Fig. 1
From: A unified model of the biology of peripartum depression
1. Tryptophan is mainly synthesized into serotonin (<5%) or kynurenine and its breakdown products (>95%), culminating in the generation of nicotinamide adenine dinucleotide (NAD+), an important cellular energy source. The kynurenine pathway has two branches – one that leads to quinolinic acid and NAD+, which comprises several neurotoxins, and one that leads to kynurenic acid, which is neuroprotective. 2. Immune cells, in different phases of pregnancy, intensify kynurenine production at the expense of serotonin, mainly via the indoleamine 2,3-dioxygenase (IDO) enzyme. 3. Stress further intensifies this process, chiefly via the effect of the glucocorticoid receptor on the tryptophan dioxygenase (TDO) enzyme. 4. Reproductive hormones, especially estradiol, intensify the production of quinolinic acid and NAD+ at the expense of kynurenic acid via the inhibition of kynurenine aminotransferase (KAT).
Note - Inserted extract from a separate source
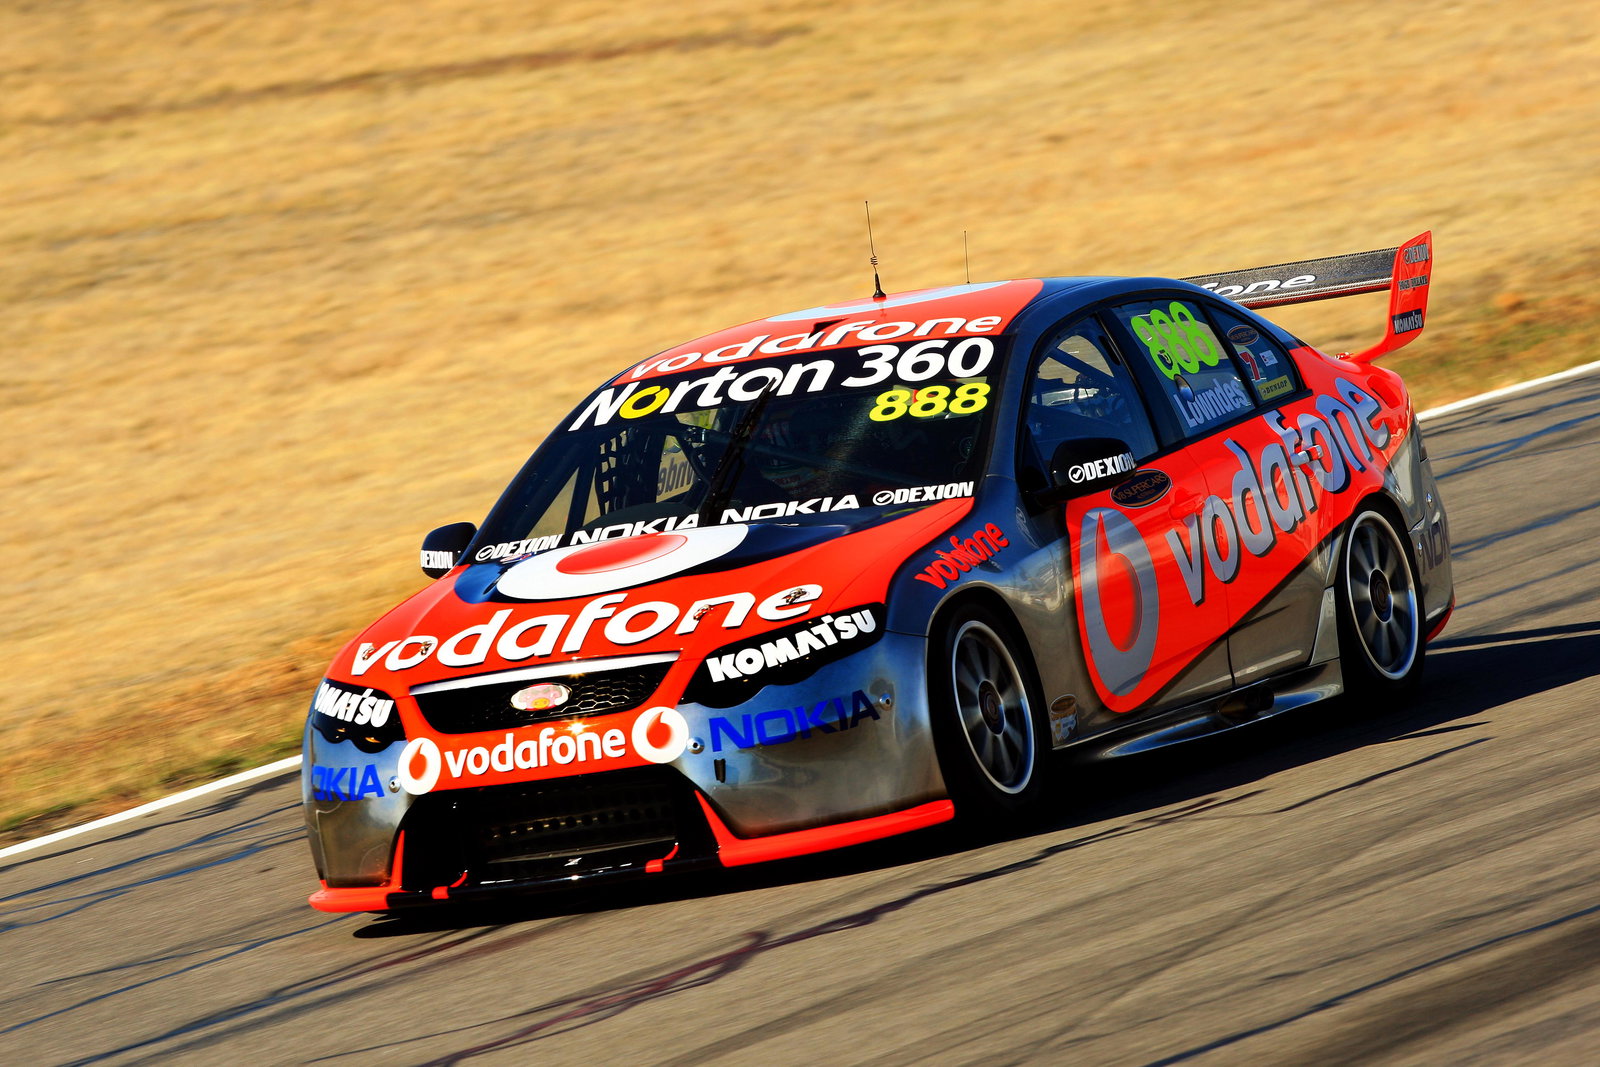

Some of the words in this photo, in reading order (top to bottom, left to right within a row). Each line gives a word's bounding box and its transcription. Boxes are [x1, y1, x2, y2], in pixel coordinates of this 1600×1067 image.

Progesterone is a protective hormone, but the body may develop progesterone resistance because of the immune system response. Quinolinic acid (QUIN), which is excessively metabolized under these conditions, is a potent agonist of glutamate’s N-methyl-D-aspartate receptor (NMDAR), which exerts neurotoxic effects via at least nine different mechanisms and brings about the main symptoms of depression. QUIN also inhibits glutamate uptake into astrocytes, inducing cessation of responding and anhedonia. Serotonin and melatonin are depleted, affecting appetite, learning, memory, and sleep. It also hinders one of the main pathways of pain reduction – that of serotonin – that could promote mental pain and suicide ideation 5. CD38 generates cADPR out of NAD + that further activates the immune response and secretion of oxytocin (OT). OT can then inhibit the immune and stress responses, indirectly reducing overall symptoms. Lack of physical touch, breastfeeding, and support reduce OT levels, and prolonged inflammation may hinder the secretion of OT via CD38-cADPR. Chronic stress may also downregulate the expression of potassium-chloride cotransporter-2 (KCC2), causing OT to exacerbate the stress response rather than inhibit it because of the dysregulation of gamma-aminobutyric acid receptors (GABAA). The figure was created with BioRender.com.